Aim of the exercise = Find the line with "this 2080×1386 image.". Repeat it and each line after it, exactly, down to the end of the records below.

Source data =
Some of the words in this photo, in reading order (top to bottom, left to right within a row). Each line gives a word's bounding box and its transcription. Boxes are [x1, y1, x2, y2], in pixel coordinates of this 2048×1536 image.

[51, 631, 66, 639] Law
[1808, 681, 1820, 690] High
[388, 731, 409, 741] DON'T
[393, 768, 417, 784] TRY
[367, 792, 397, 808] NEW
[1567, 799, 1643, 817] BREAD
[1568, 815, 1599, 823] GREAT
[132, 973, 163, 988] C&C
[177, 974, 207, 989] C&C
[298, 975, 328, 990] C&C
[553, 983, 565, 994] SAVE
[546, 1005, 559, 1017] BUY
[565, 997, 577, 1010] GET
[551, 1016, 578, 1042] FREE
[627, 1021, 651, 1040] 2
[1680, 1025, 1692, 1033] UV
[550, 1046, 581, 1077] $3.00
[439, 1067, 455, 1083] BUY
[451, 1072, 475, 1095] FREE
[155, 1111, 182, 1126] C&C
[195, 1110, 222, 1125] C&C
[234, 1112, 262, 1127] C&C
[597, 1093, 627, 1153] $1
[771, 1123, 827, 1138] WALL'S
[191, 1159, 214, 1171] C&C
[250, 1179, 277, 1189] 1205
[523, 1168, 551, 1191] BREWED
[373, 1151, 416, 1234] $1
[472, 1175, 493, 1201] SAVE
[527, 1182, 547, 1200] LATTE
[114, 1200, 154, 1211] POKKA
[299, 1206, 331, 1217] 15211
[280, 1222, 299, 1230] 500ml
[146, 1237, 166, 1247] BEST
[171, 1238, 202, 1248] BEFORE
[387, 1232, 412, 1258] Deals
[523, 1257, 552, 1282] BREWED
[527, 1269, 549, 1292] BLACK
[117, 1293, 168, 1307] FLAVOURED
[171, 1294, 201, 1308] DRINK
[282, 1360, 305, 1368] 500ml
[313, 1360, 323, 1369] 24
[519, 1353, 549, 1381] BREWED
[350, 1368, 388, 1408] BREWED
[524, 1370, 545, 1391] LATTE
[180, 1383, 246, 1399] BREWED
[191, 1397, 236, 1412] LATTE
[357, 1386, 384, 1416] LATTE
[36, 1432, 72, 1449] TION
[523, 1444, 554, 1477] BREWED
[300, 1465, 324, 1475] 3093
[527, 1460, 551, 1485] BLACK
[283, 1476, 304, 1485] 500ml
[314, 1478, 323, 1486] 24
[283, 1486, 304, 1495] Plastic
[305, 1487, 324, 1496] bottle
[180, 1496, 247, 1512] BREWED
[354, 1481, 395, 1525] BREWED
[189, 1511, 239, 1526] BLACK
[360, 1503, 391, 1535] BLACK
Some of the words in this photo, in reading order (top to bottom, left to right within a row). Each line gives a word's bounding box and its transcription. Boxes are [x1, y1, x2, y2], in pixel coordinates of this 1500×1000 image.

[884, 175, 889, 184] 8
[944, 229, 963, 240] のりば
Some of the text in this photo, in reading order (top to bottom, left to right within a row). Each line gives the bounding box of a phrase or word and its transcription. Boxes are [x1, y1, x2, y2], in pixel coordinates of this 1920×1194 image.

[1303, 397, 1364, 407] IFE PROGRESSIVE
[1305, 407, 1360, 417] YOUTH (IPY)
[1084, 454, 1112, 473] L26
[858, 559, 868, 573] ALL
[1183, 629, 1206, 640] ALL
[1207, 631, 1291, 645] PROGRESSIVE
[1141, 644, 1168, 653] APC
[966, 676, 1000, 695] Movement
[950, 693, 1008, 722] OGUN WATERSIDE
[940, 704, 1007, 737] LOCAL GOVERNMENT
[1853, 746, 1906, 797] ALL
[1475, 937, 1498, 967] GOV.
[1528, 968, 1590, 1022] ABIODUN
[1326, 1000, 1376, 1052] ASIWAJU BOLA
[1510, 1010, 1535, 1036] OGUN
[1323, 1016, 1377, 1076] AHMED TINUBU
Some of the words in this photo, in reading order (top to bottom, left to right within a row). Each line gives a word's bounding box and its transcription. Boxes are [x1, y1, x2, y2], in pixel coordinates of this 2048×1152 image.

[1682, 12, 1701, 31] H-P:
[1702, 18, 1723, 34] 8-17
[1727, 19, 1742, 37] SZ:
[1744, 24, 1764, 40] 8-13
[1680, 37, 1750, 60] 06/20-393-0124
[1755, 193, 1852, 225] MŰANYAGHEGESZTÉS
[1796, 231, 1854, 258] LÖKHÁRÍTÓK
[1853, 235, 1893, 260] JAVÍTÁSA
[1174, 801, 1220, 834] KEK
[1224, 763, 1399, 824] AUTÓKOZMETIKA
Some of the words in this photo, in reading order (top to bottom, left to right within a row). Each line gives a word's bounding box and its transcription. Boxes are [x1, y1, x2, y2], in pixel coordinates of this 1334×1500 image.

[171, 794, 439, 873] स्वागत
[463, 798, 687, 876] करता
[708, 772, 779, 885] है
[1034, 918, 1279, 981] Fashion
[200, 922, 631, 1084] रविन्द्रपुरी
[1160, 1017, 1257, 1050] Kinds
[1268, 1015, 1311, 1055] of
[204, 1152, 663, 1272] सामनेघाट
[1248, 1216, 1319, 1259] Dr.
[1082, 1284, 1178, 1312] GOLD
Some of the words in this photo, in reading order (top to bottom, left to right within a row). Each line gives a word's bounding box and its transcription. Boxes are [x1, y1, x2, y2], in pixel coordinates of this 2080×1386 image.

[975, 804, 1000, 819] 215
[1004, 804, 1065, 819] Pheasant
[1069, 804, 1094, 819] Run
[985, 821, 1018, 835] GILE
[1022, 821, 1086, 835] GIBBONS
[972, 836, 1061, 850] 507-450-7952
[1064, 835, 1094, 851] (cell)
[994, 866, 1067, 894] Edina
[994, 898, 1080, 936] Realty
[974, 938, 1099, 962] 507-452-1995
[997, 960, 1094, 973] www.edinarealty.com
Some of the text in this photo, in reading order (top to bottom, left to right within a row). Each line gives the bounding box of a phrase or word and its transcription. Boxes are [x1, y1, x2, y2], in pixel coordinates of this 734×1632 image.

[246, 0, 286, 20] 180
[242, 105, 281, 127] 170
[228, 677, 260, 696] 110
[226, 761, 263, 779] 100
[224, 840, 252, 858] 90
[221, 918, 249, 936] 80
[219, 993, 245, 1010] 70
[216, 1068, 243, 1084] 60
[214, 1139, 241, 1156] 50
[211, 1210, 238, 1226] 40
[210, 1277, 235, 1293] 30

Result =
Some of the words in this photo, in reading order (top to bottom, left to right within a row). Each line gives a word's bounding box and its transcription. Boxes are [x1, y1, x2, y2], in pixel coordinates of this 2080×1386 image.

[975, 804, 1000, 819] 215
[1004, 804, 1065, 819] Pheasant
[1069, 804, 1094, 819] Run
[985, 821, 1018, 835] GILE
[1022, 821, 1086, 835] GIBBONS
[972, 836, 1061, 850] 507-450-7952
[1064, 835, 1094, 851] (cell)
[994, 866, 1067, 894] Edina
[994, 898, 1080, 936] Realty
[974, 938, 1099, 962] 507-452-1995
[997, 960, 1094, 973] www.edinarealty.com
Some of the text in this photo, in reading order (top to bottom, left to right within a row). Each line gives the bounding box of a phrase or word and its transcription. Boxes are [x1, y1, x2, y2], in pixel coordinates of this 734×1632 image.

[246, 0, 286, 20] 180
[242, 105, 281, 127] 170
[228, 677, 260, 696] 110
[226, 761, 263, 779] 100
[224, 840, 252, 858] 90
[221, 918, 249, 936] 80
[219, 993, 245, 1010] 70
[216, 1068, 243, 1084] 60
[214, 1139, 241, 1156] 50
[211, 1210, 238, 1226] 40
[210, 1277, 235, 1293] 30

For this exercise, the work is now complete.